BEGIN Input material

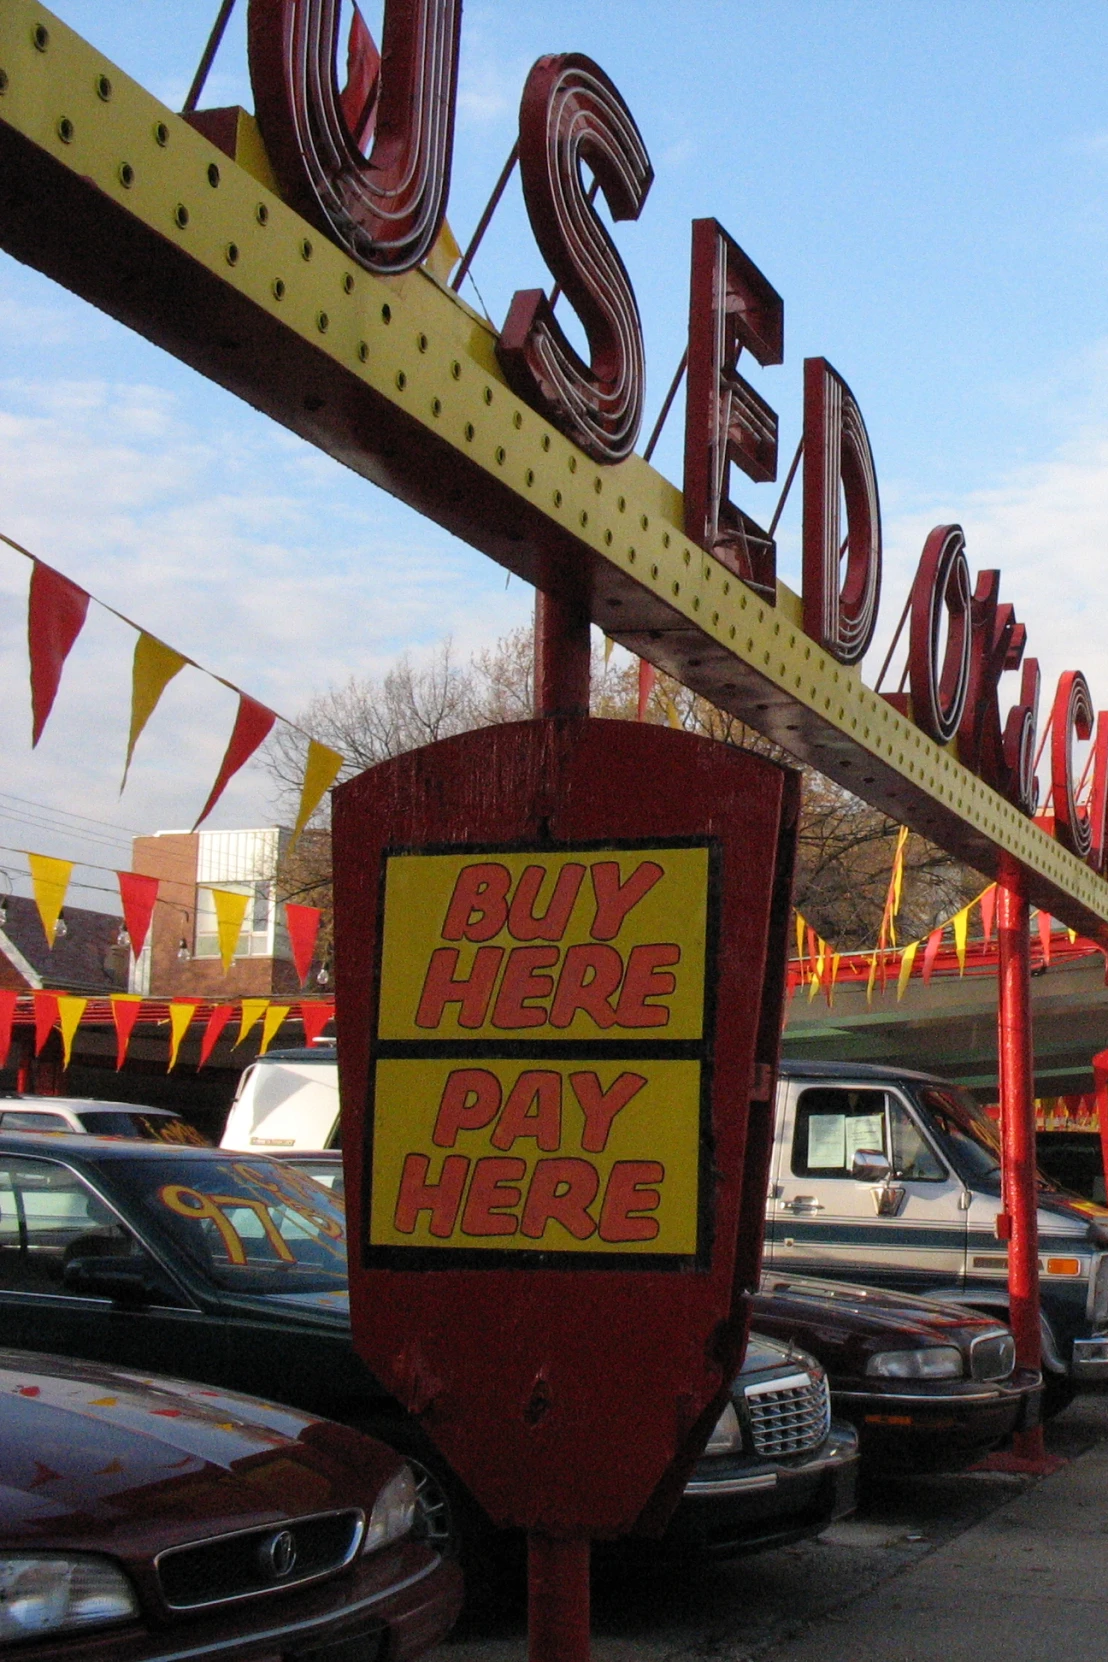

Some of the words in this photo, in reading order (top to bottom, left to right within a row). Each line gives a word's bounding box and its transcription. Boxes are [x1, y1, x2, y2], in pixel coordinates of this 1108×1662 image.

[247, 0, 883, 669] USED
[441, 861, 665, 941] BUY
[415, 943, 681, 1029] HERE
[432, 1068, 648, 1153] PAY
[159, 1185, 297, 1266] 97
[394, 1153, 665, 1243] HERE

END Input material

### Work order
Before copying, set the pictures aside; then give the records again exactly.

### Answer section
Some of the words in this photo, in reading order (top to bottom, left to right within a row). Each line gives a word's bounding box and its transcription. Boxes are [x1, y1, x2, y2], in pixel coordinates of this 1108×1662 image.

[247, 0, 883, 669] USED
[441, 861, 665, 941] BUY
[415, 943, 681, 1029] HERE
[432, 1068, 648, 1153] PAY
[159, 1185, 297, 1266] 97
[394, 1153, 665, 1243] HERE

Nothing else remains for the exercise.